> [TASK INSTRUCTIONS]: In your reply, repeat every entry exactly and skip over each picture.
BEGIN AVAILABLE DATA
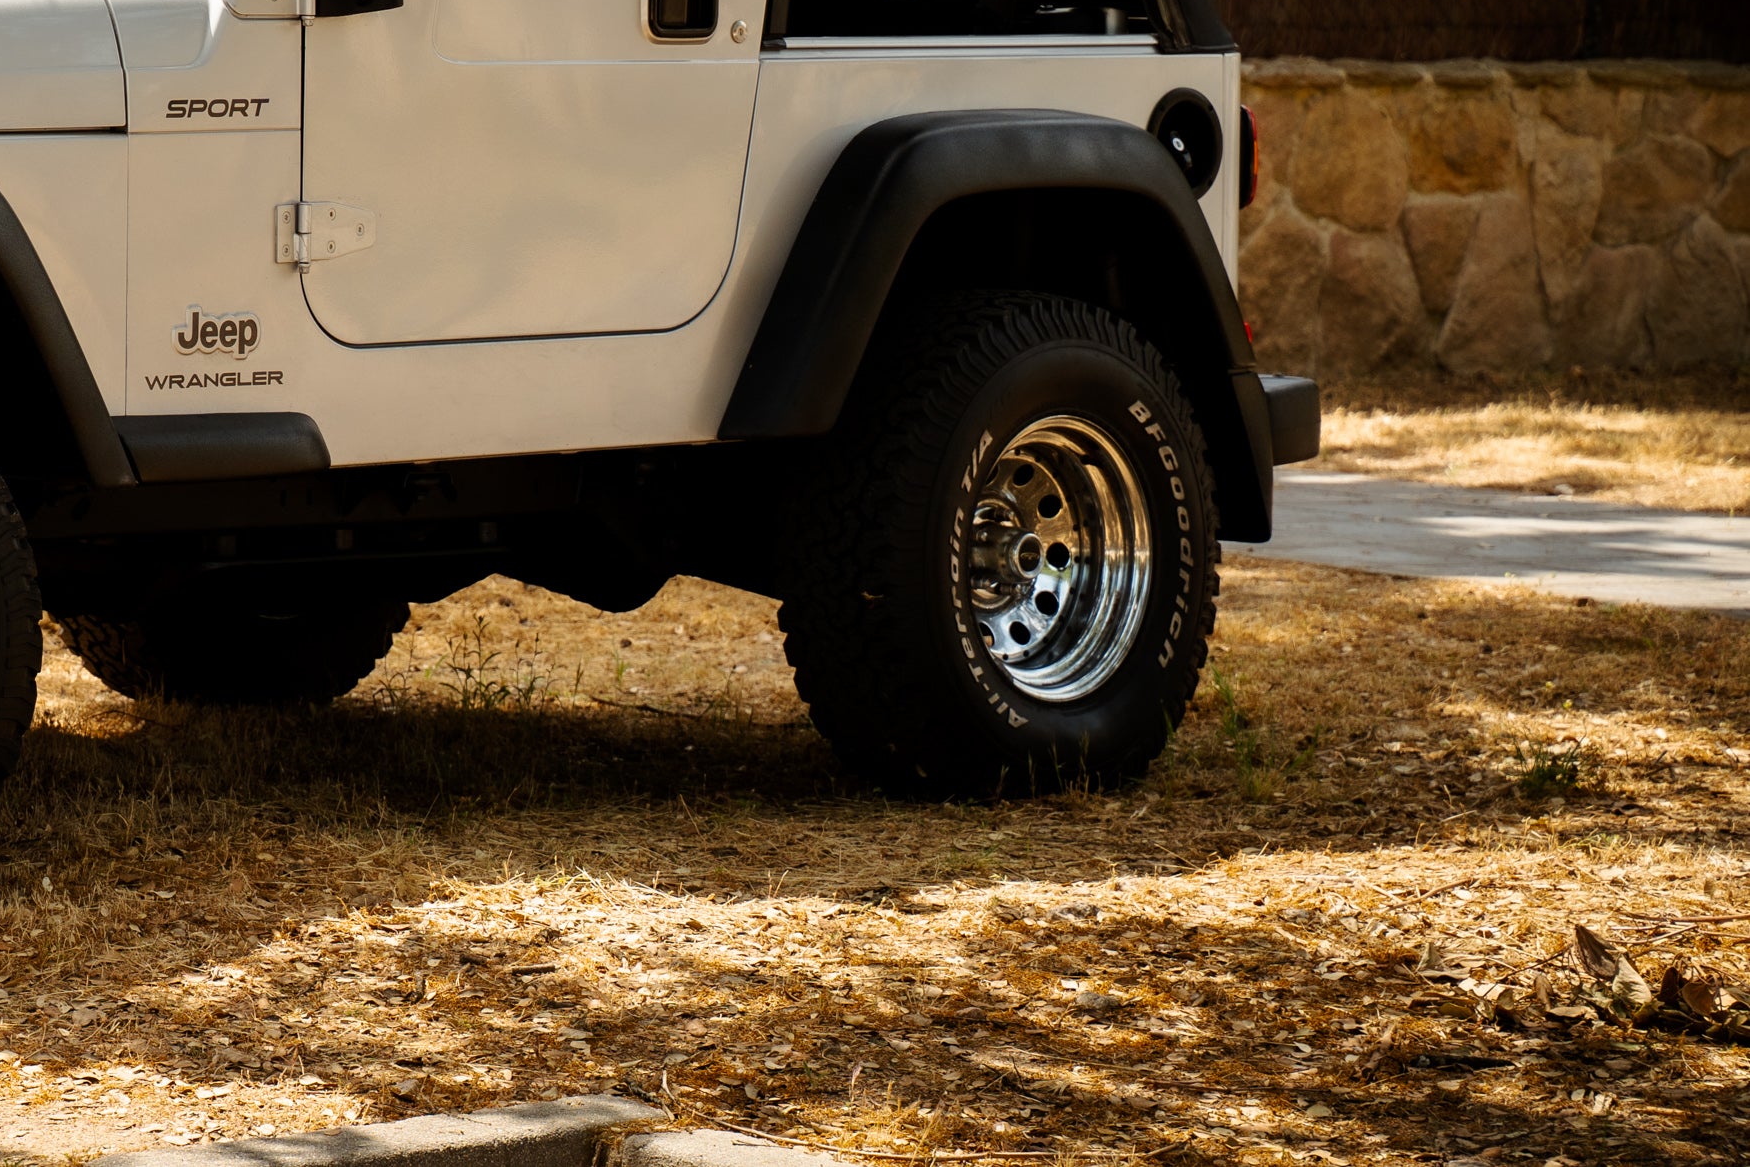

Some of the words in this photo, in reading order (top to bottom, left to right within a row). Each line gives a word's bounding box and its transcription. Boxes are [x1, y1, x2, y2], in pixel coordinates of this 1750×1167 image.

[165, 98, 270, 118] SPORT
[177, 311, 258, 354] Jeep
[144, 370, 284, 391] WRANGLER
[961, 429, 993, 494] T/A
[1127, 399, 1194, 669] BFGoodrich
[950, 506, 1029, 729] All-Terrain
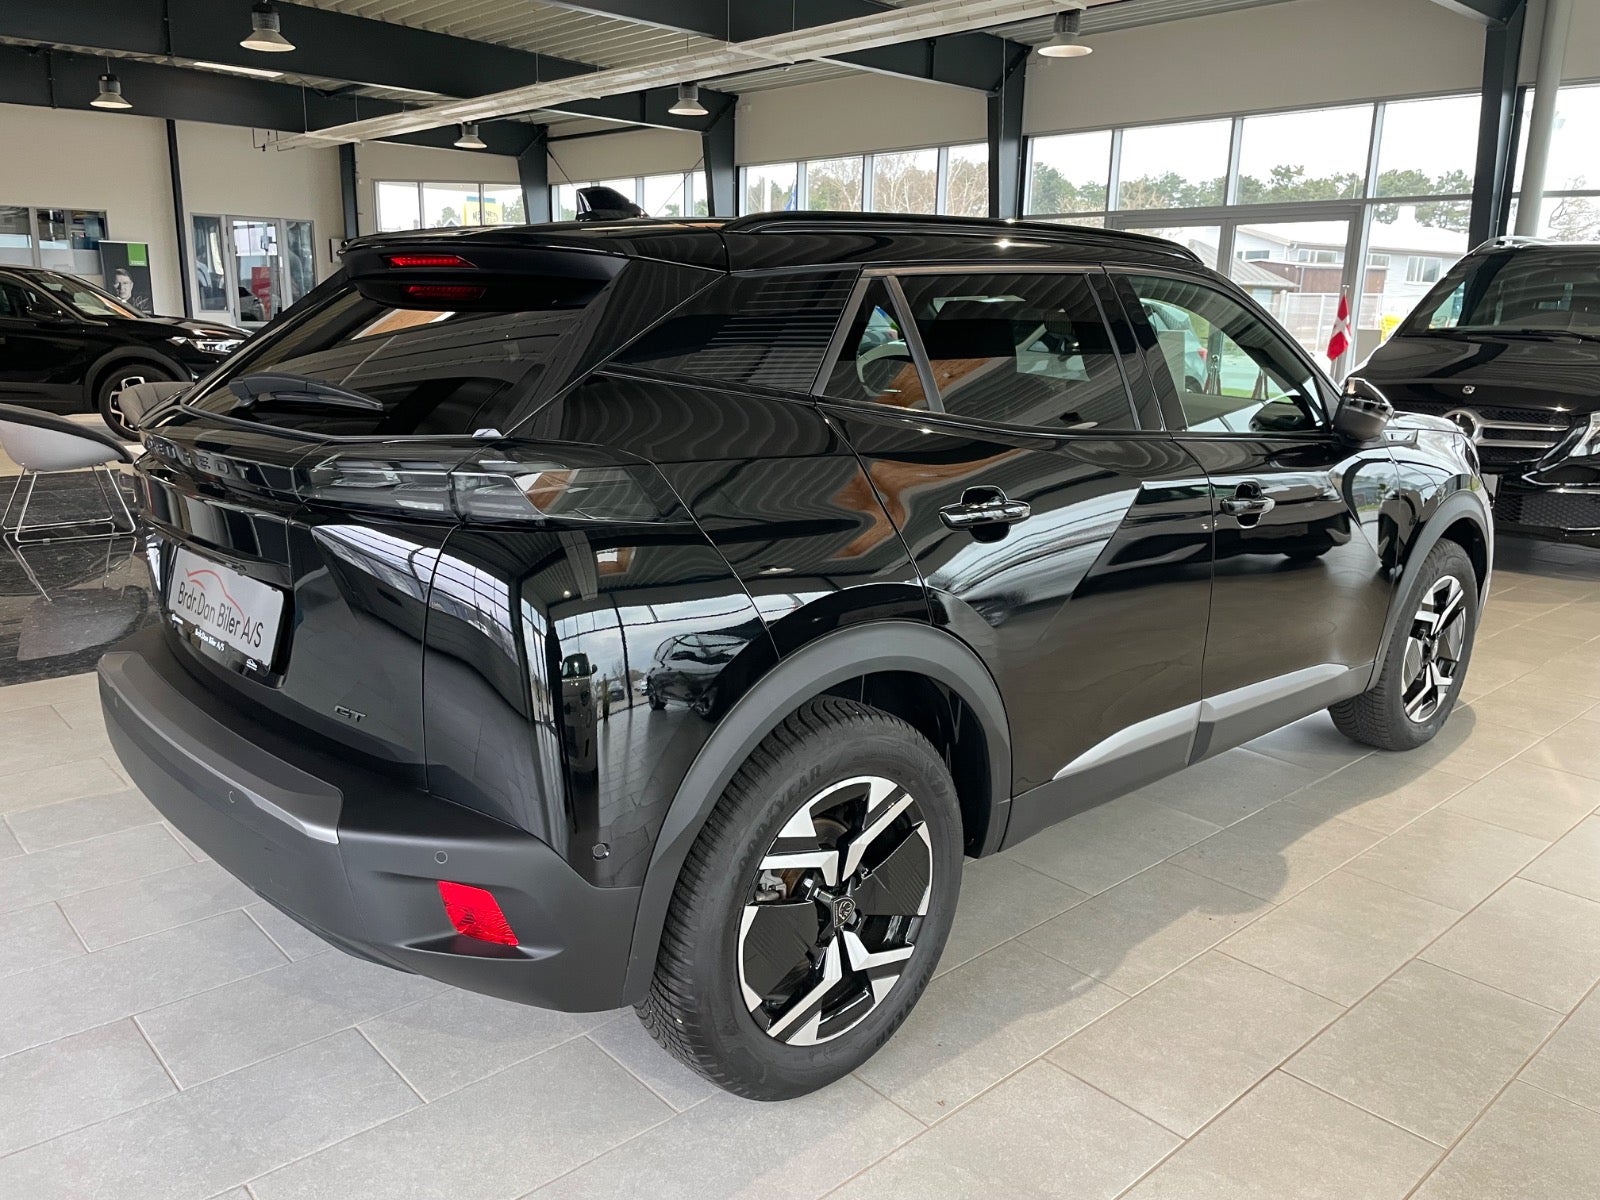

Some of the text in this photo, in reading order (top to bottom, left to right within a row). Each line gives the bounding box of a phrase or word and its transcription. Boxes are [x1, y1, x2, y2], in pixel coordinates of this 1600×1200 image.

[216, 602, 241, 636] Biler
[240, 615, 264, 648] A/S
[334, 705, 367, 721] GT
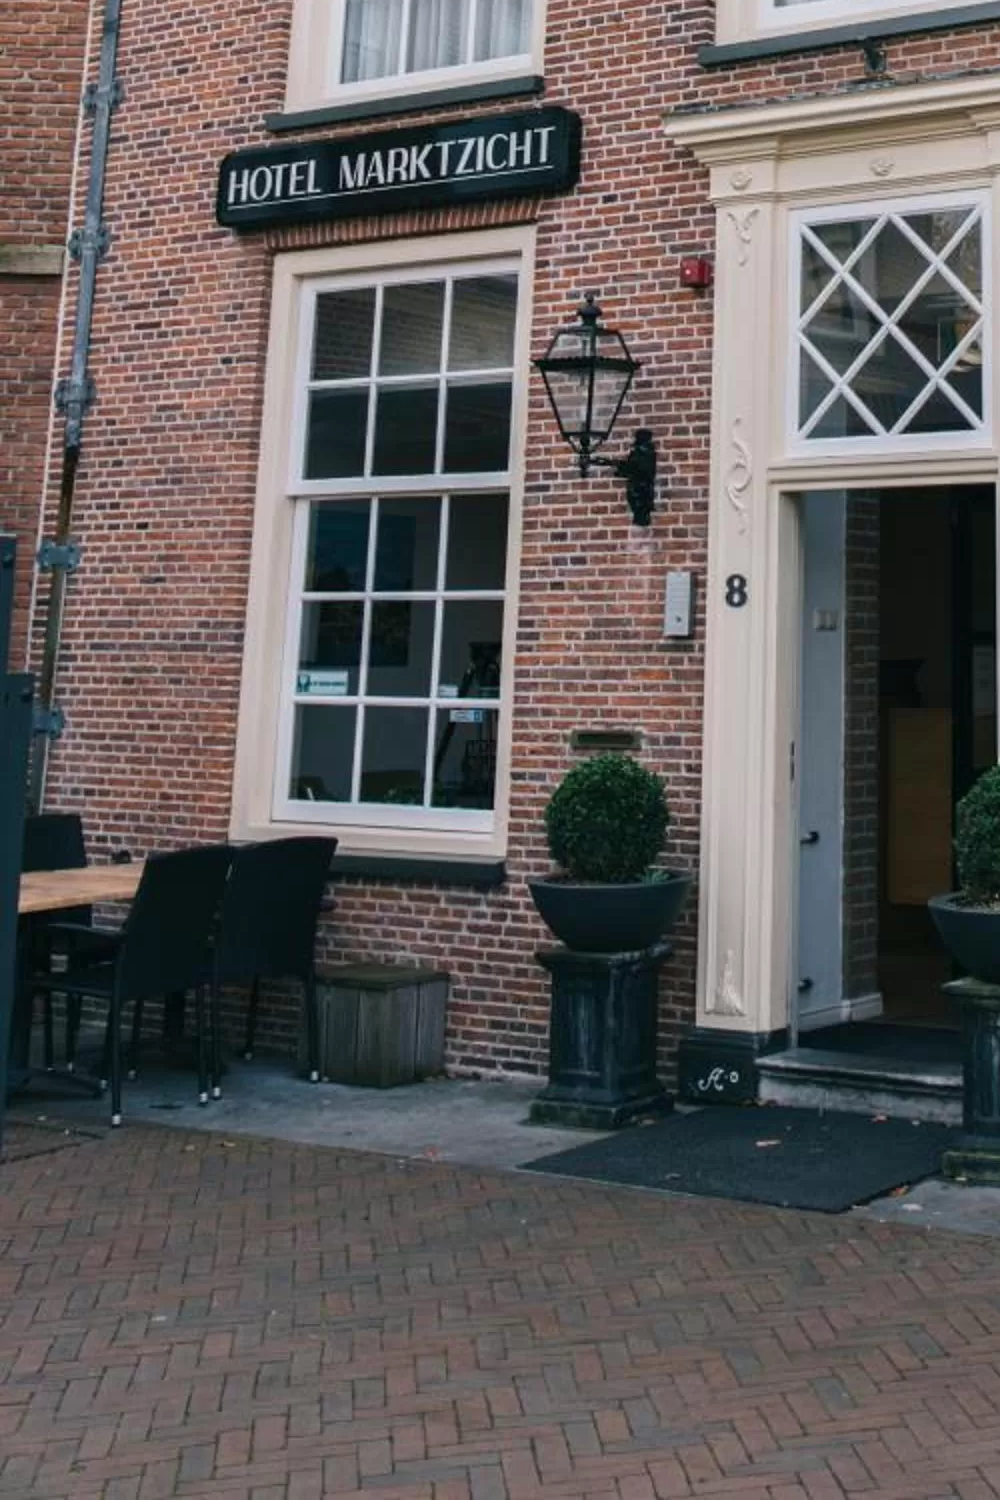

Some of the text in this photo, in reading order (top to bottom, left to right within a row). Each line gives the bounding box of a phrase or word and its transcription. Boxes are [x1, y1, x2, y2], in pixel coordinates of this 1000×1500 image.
END AVAILABLE DATA
> [ANSWER SECTION]:
Some of the words in this photo, in reading order (top to bottom, left to right within a row). Each line gives a word's bounding box and its transcription. Boxes are [x1, y1, x2, y2], in pixel coordinates of this 1750×1167 image.

[165, 98, 270, 118] SPORT
[177, 311, 258, 354] Jeep
[144, 370, 284, 391] WRANGLER
[961, 429, 993, 494] T/A
[1127, 399, 1194, 669] BFGoodrich
[950, 506, 1029, 729] All-Terrain

Some of the text in this photo, in reading order (top to bottom, left to right within a row). Each line gives the bounding box of a phrase or word and its transcription. Boxes are [x1, y1, x2, y2], in pixel coordinates of this 1600×1200 image.

[216, 602, 241, 636] Biler
[240, 615, 264, 648] A/S
[334, 705, 367, 721] GT

Some of the text in this photo, in reading order (top to bottom, left to right within a row). Each line gives the bounding box of a phrase or word and its transcription. Boxes are [x1, y1, x2, y2], in pixel coordinates of this 1000×1500 image.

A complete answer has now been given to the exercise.